Research Cores

Our BRC will consist of three research cores:

1. Animal Research Core
2. Botanical Core
3. Administrative Core.

Each of the research projects will evaluate a specific botanical and will assess the effect on pathogenic mechanisms leading to the development of insulin resistance.

Our BRC encompasses the disciplines of nutrition, plant chemistry/characterization, metabolism, physiology and endocrinology, molecular and cellular biology, and genetics and spans both the basic and clinical sciences. Thus, our interdisciplinary approach will allow for a comprehensive evaluation of botanicals on pathogenic processes by evaluating multiple cellular mechanisms of action.

  2OO5 Pilot Project Awardees

 

 

 

 

   

John L.McIlhenny Laboratory for Botanical Research

The John S. McIlhenny Laboratory of Botanical Research is devoted to the discovery and development of natural product-based pharmaceutical agents that may prove valuable in the treatment of the pre-diabetic state, i.e. the “metabolic syndrome”, and for treatment of diabetes per se.

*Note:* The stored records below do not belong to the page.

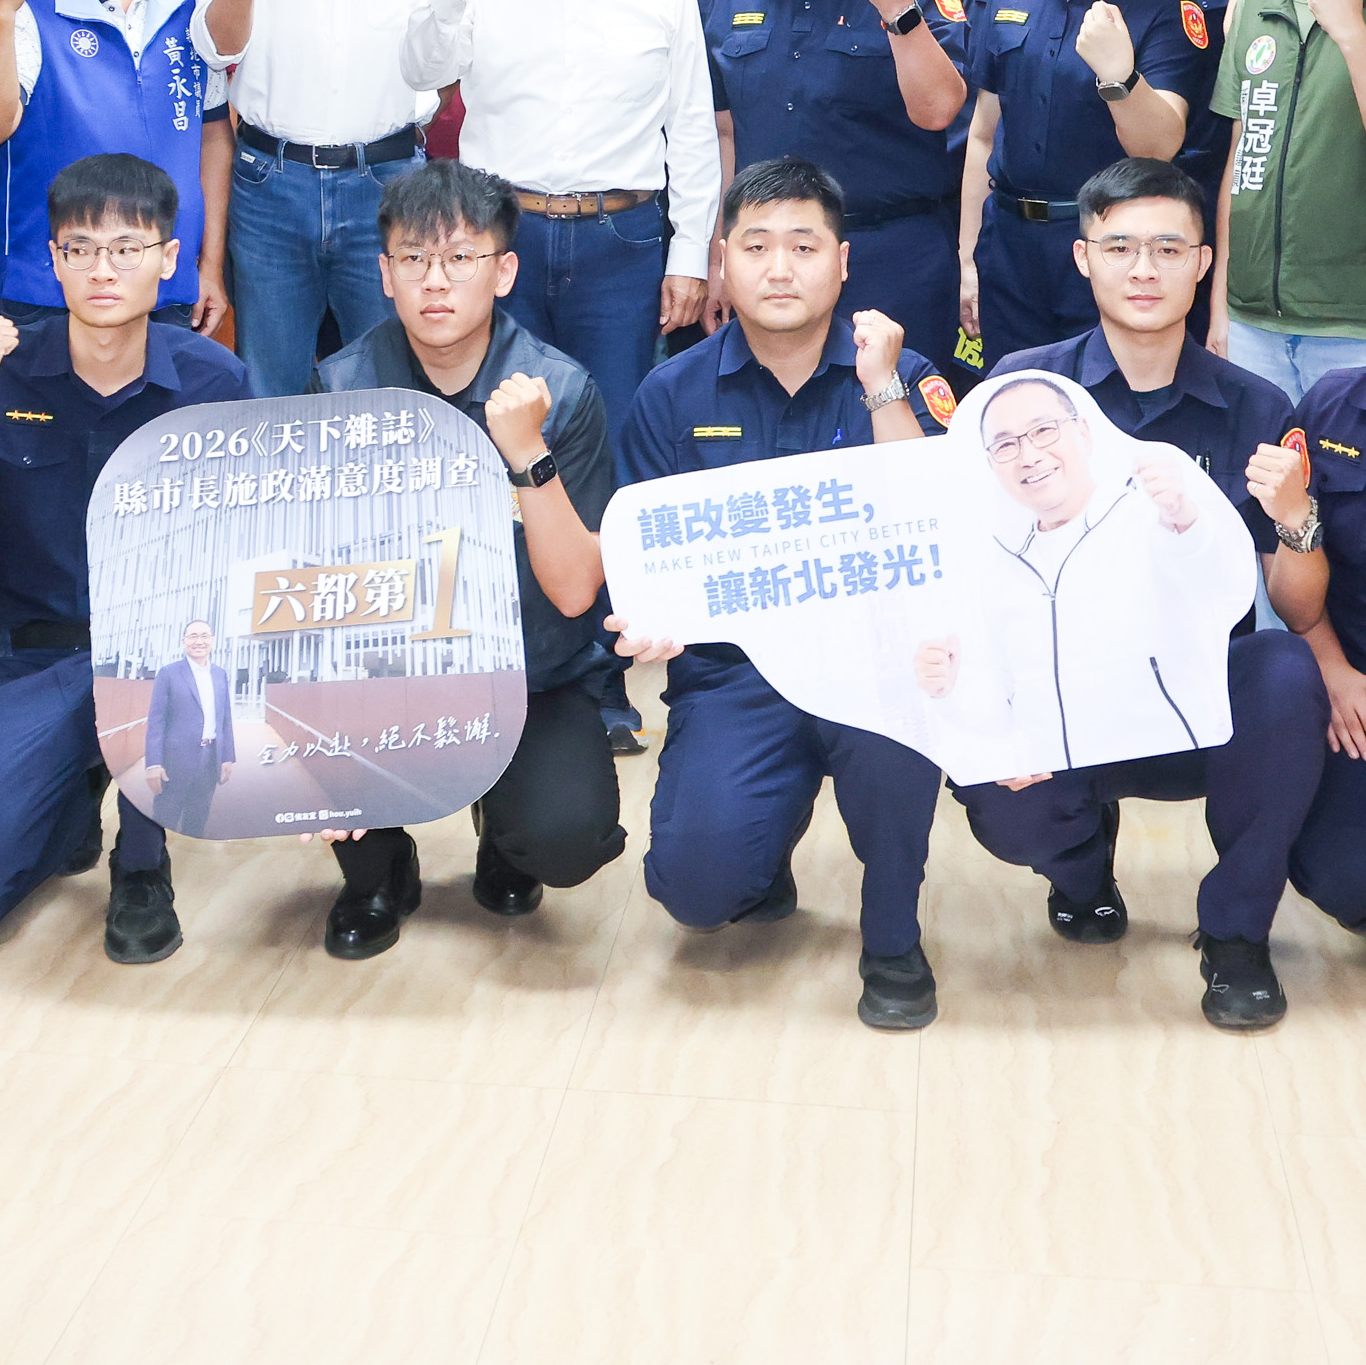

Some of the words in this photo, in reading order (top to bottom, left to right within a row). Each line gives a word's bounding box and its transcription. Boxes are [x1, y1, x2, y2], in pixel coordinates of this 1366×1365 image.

[163, 37, 193, 131] 黃永昌
[1241, 80, 1279, 191] 卓冠廷
[112, 453, 480, 517] 縣市長施政滿意度調查
[644, 555, 694, 576] MAKE
[703, 548, 742, 567] NEW
[751, 538, 811, 559] TAIPEI
[820, 529, 861, 549] CITY
[869, 518, 941, 542] BETTER

Currently, in order to determine the effectiveness of a promising agent or other agent, the agent needs to be tested repeatedly in animals, and then after careful examination, the agent is tested in various phases of human research. The animal testing may reveal that the agent is toxic or not effective, and then the agent is not further evaluated. If it makes it to human testing, it may be found that it causes too many adverse side effects or may not be effective. Unfortunately, the vast majority of promising agents advanced in this way do not make it to clinical testing.

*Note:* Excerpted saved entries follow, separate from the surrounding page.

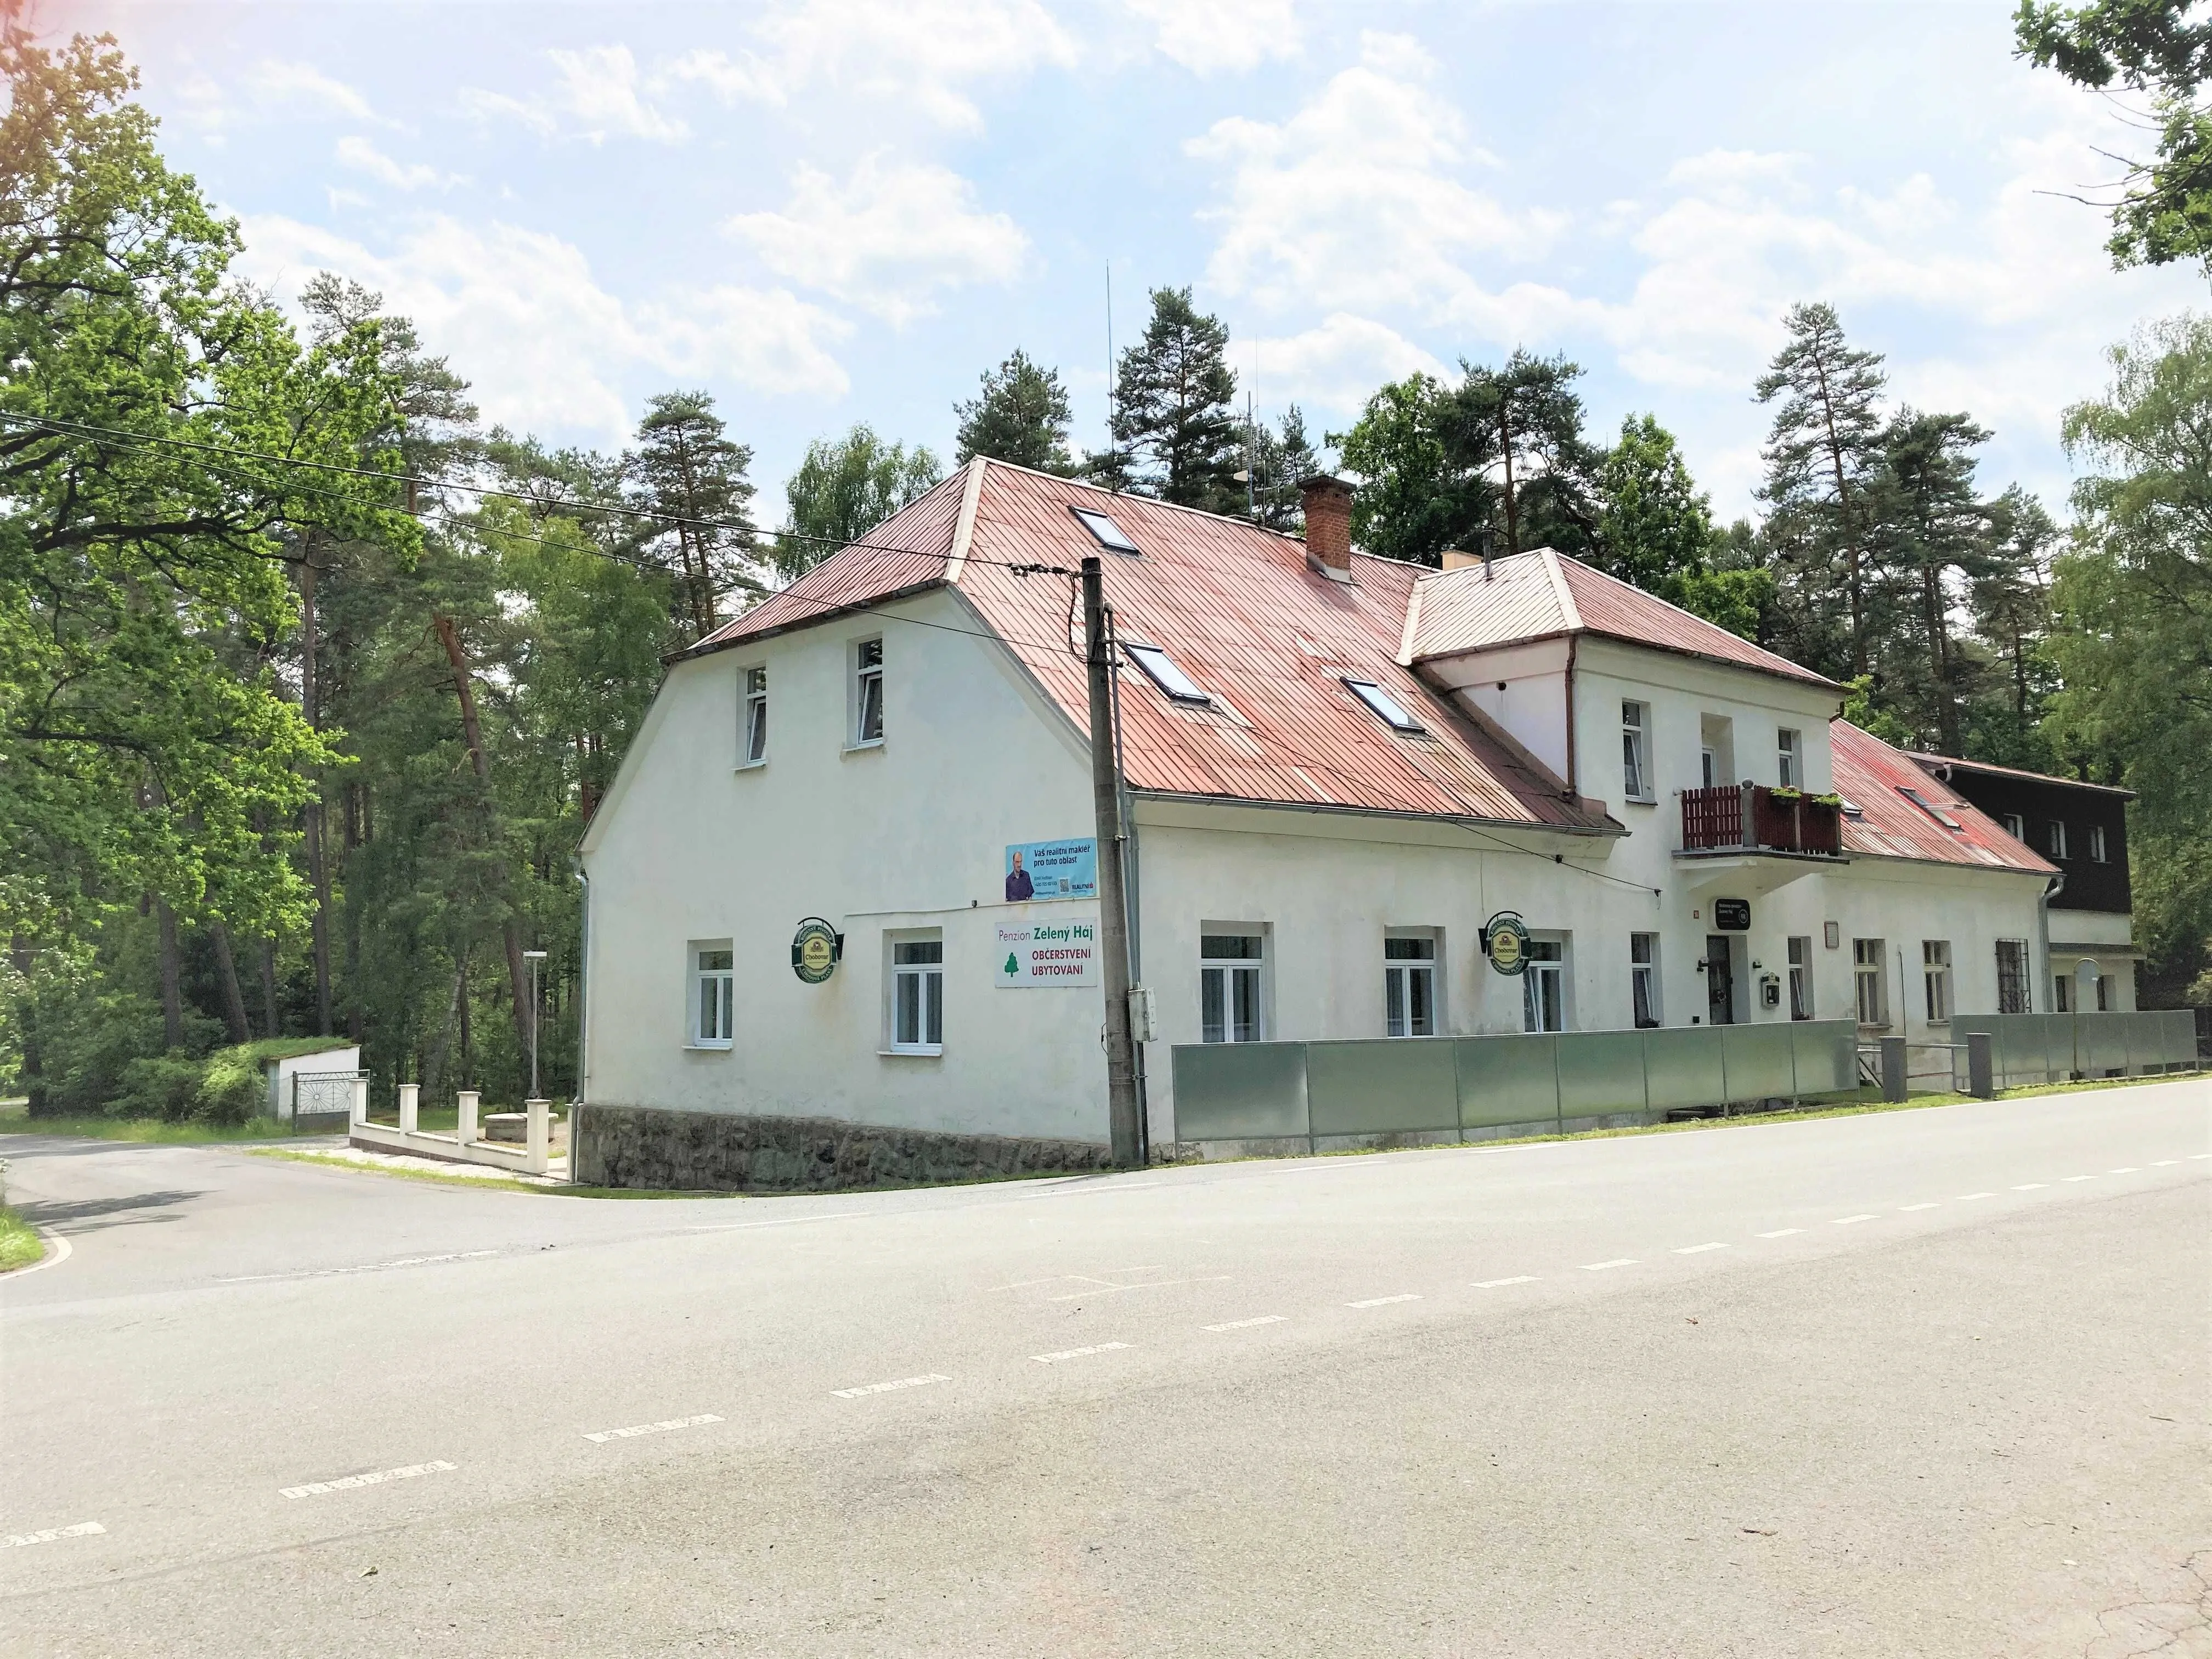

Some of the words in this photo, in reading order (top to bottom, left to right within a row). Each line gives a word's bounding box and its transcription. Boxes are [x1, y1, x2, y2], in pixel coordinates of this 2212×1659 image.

[1034, 860, 1045, 868] pro
[1059, 856, 1077, 865] oblast
[999, 930, 1030, 941] Penzion
[1034, 926, 1070, 942] Zelený
[1074, 924, 1093, 941] Háj
[1032, 945, 1091, 960] OBČERSTVENÍ
[1032, 962, 1084, 975] UBYTOVÁNÍ

This process is quite lengthy and expensive. However, a “pre-clinical” system that utilizes human tissues in the laboratory will be able to greatly expedite the process and target promising chemicals and compounds. The laboratory utilizes tissue culture systems and integrates wide-ranging, state-of-the-art, multiple-target screening with powerful structural and analytical approaches designed to characterize and develop therapeutic and natural agents produced by plants and fungi. This laboratory serves to provide data on each botanical agent so that seed funding can be obtained to fund additional clinical research on these particular botanicals in the future.